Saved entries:
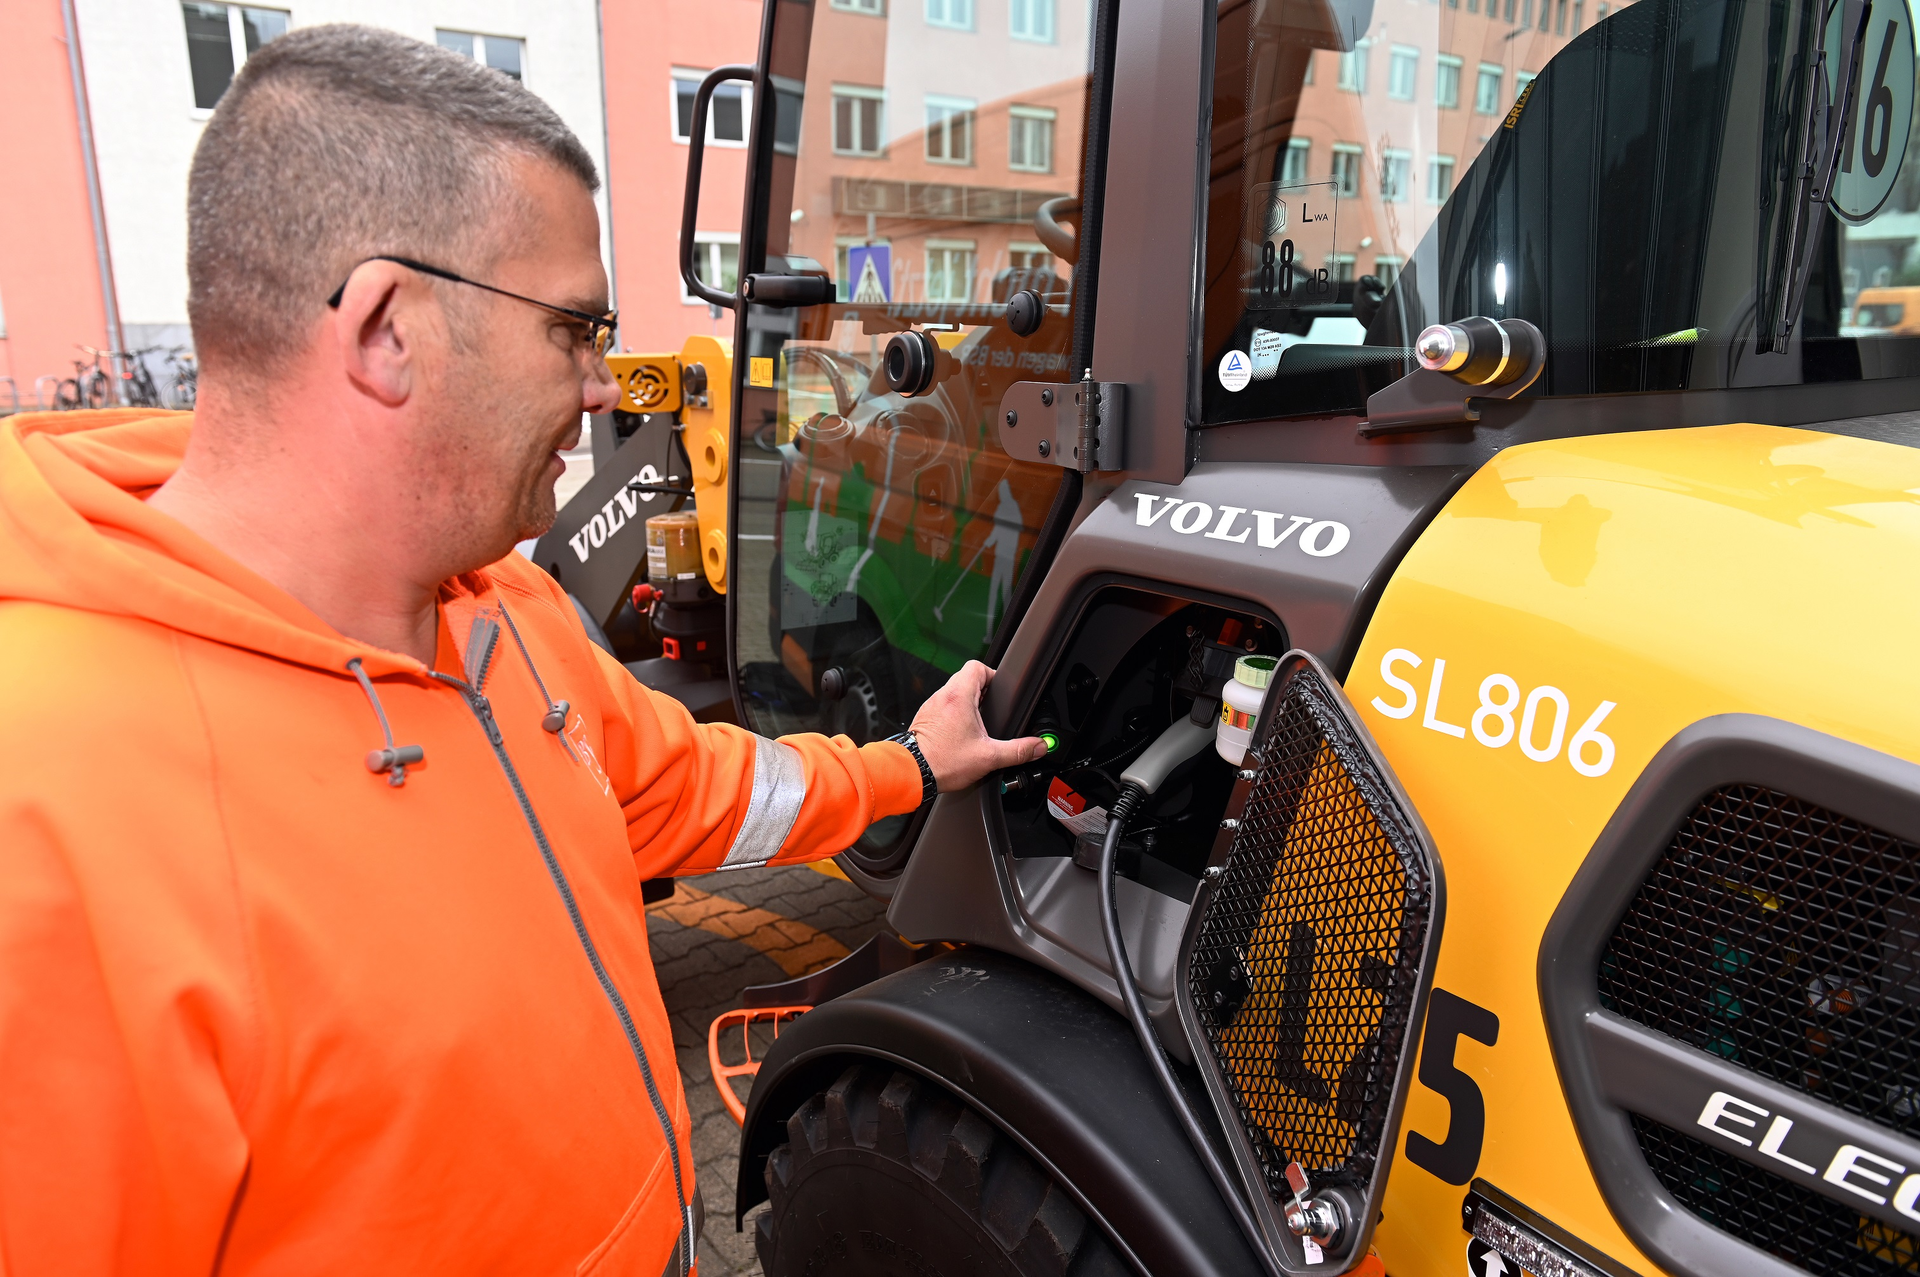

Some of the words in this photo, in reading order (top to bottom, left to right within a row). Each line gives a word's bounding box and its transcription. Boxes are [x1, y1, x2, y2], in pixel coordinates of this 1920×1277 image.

[1504, 103, 1524, 129] ISRI
[1261, 239, 1295, 298] 88
[1306, 268, 1330, 295] dB
[568, 464, 658, 563] VOLVO
[1133, 492, 1351, 557] VOLVO
[1370, 648, 1618, 777] SL806

WHAT YOU WILL DO: If any image appears in the entries, omit it and return the rest verbatim.

ANSWER AREA:
Some of the words in this photo, in reading order (top to bottom, left to right within a row). Each line gives a word's bounding box and its transcription. Boxes are [x1, y1, x2, y2], in pixel coordinates of this 1920×1277 image.

[1504, 103, 1524, 129] ISRI
[1261, 239, 1295, 298] 88
[1306, 268, 1330, 295] dB
[568, 464, 658, 563] VOLVO
[1133, 492, 1351, 557] VOLVO
[1370, 648, 1618, 777] SL806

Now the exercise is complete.